**AIM OF THE EXERCISE**
Return all entries verbatim; skip any pictures.

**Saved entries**

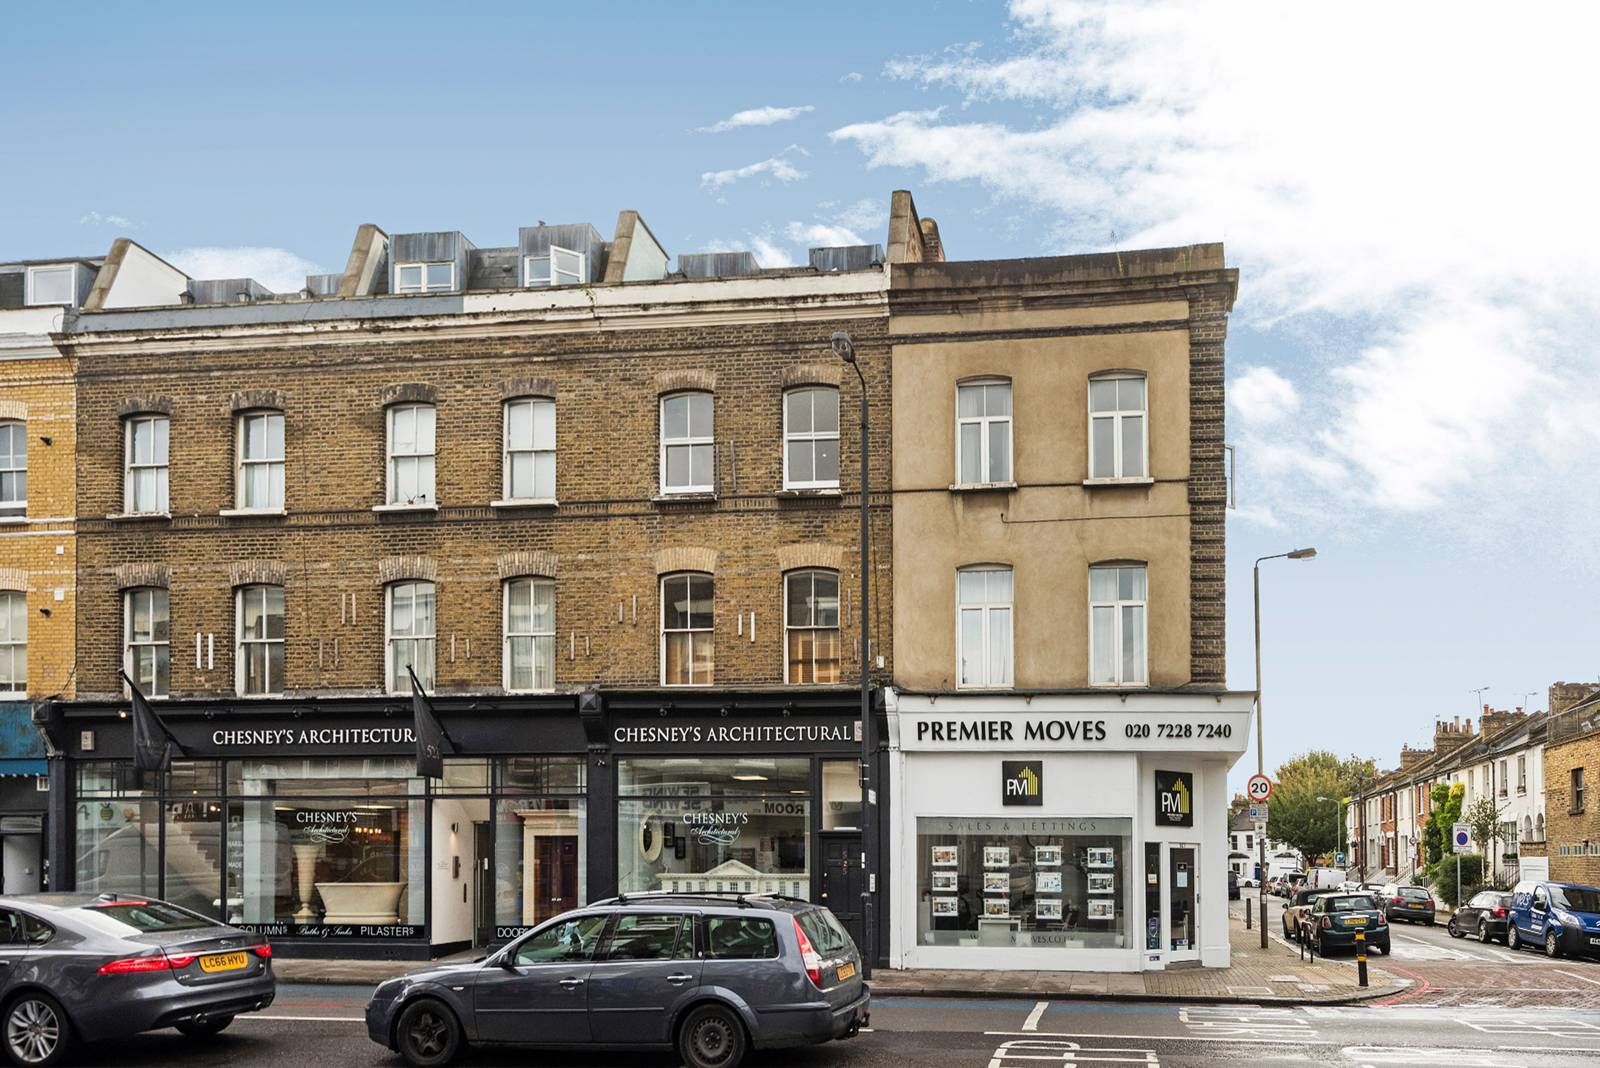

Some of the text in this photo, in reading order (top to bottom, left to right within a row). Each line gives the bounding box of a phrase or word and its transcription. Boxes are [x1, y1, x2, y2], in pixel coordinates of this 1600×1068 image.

[212, 727, 417, 745] CHESNEY'S ARCHITECTUR
[612, 726, 701, 743] CHESNEY'S
[706, 725, 852, 742] ARCHITECTURAL
[917, 720, 1233, 741] PREMIER MOVES 020 7228 7240
[1006, 778, 1028, 796] PM
[1251, 782, 1268, 793] 20
[1161, 791, 1181, 813] PM
[296, 811, 358, 824] CHESNEY'S
[683, 812, 749, 825] CHESNEY'S
[948, 821, 1097, 832] SALES & LETTINGS
[203, 953, 245, 969] LC66 HYU

**TASK SOLUTION**
Some of the text in this photo, in reading order (top to bottom, left to right within a row). Each line gives the bounding box of a phrase or word and its transcription. Boxes are [x1, y1, x2, y2], in pixel coordinates of this 1600×1068 image.

[212, 727, 417, 745] CHESNEY'S ARCHITECTUR
[612, 726, 701, 743] CHESNEY'S
[706, 725, 852, 742] ARCHITECTURAL
[917, 720, 1233, 741] PREMIER MOVES 020 7228 7240
[1006, 778, 1028, 796] PM
[1251, 782, 1268, 793] 20
[1161, 791, 1181, 813] PM
[296, 811, 358, 824] CHESNEY'S
[683, 812, 749, 825] CHESNEY'S
[948, 821, 1097, 832] SALES & LETTINGS
[203, 953, 245, 969] LC66 HYU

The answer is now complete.